Les charges retenues contre Sam Bankman-Fried ne seront pas abandonnées

Les charges retenues contre Sam Bankman-Fried ne seront pas abandonnées

Les requêtes des avocats de Sam Bankman-Fried visant à rejeter les accusations criminelles, y compris celles alléguant des violations du financement de la campagne et l’extradition de son client vers les États-Unis, sont valides. C’est ce que le bureau du procureur américain affirme dans des documents judiciaires, écrit CoinDesk.

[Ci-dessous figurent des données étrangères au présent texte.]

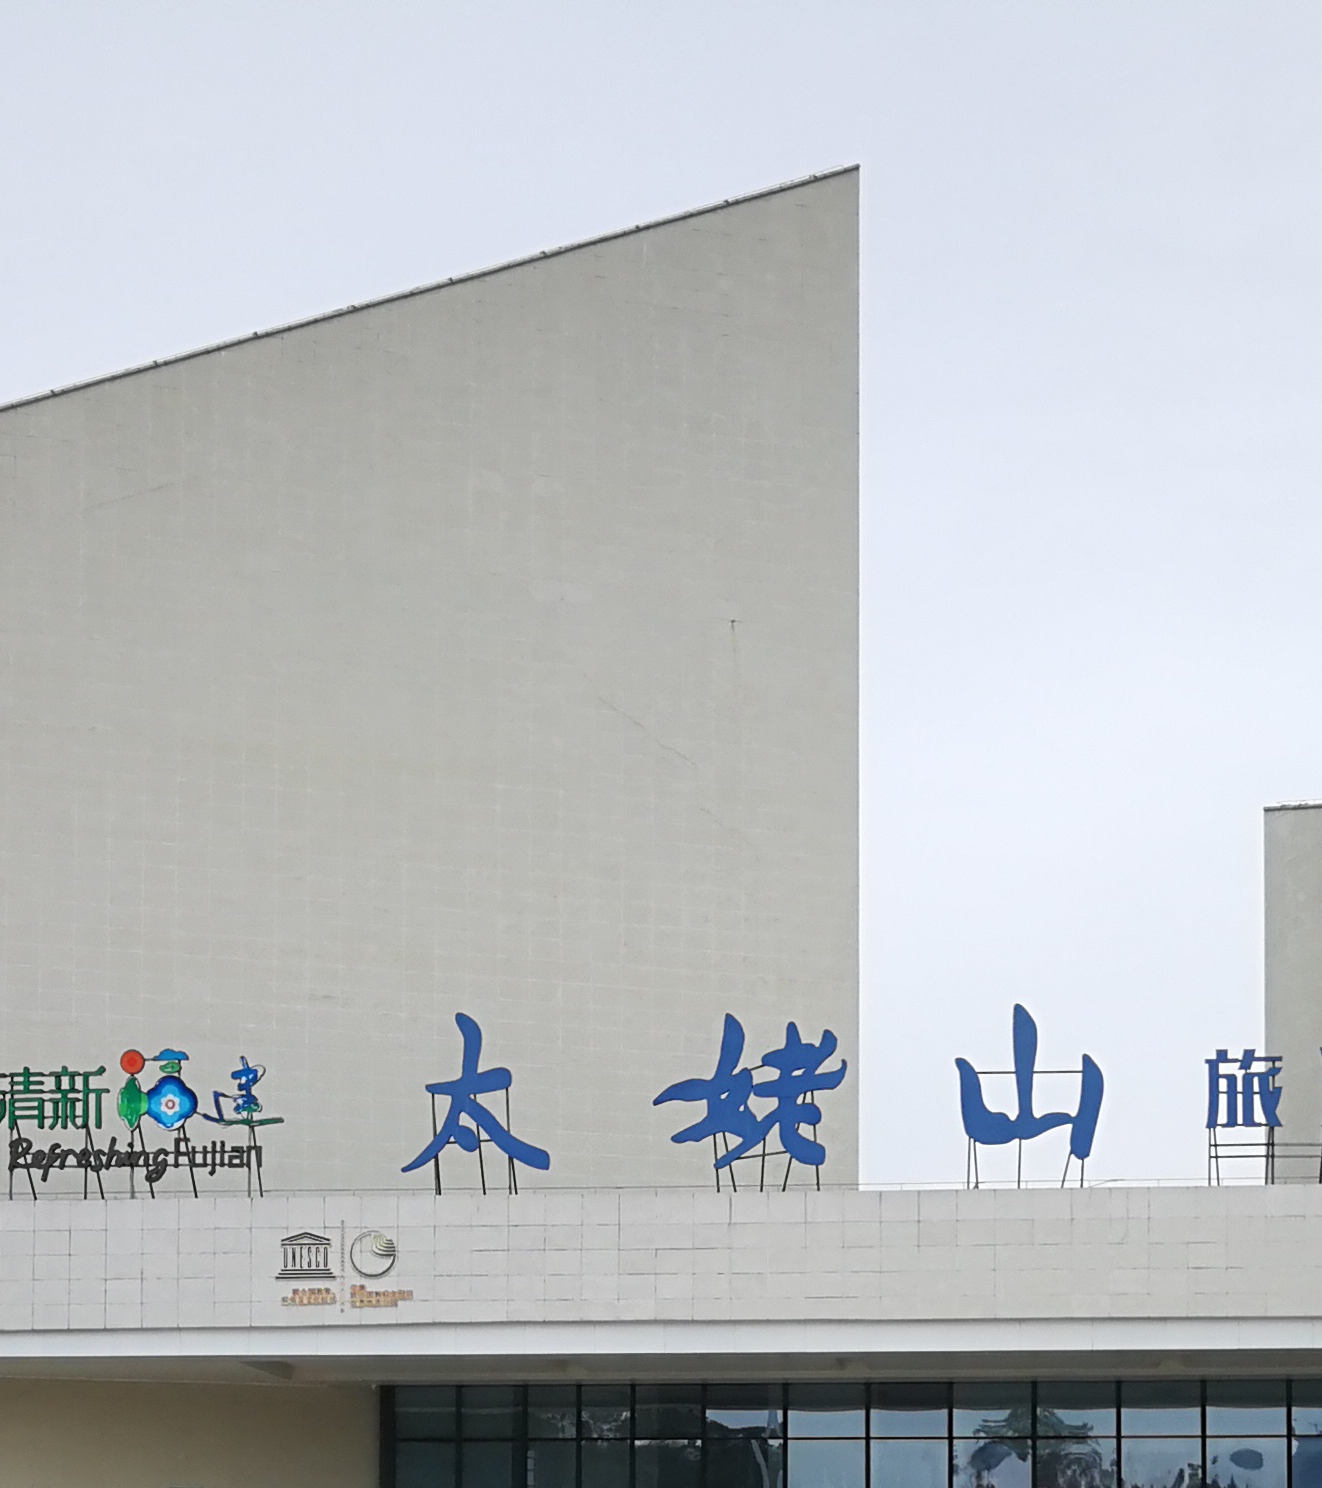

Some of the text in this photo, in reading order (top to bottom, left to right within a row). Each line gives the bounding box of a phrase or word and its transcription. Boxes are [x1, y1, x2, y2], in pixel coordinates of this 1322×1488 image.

[401, 1004, 1105, 1172] 太姥山
[8, 1136, 263, 1183] Refreshing Fujian
[283, 1246, 329, 1268] UNESCO

Comme nous l’avons signalé début mai, l’équipe juridique de Bankman-Fried a décidé de rejeter la plupart des accusations portées contre leur client. L’équipe a fait valoir qu’il y avait des problèmes de procédure. Certaines lois américaines n’auraient pas été applicables car SBF n’était pas à l’origine aux États-Unis et les accusations allaient au-delà des conditions d’extradition convenues.

Aucune objection n’a été soulevée aux allégations de blanchiment d’argent et de fraude en valeurs mobilières.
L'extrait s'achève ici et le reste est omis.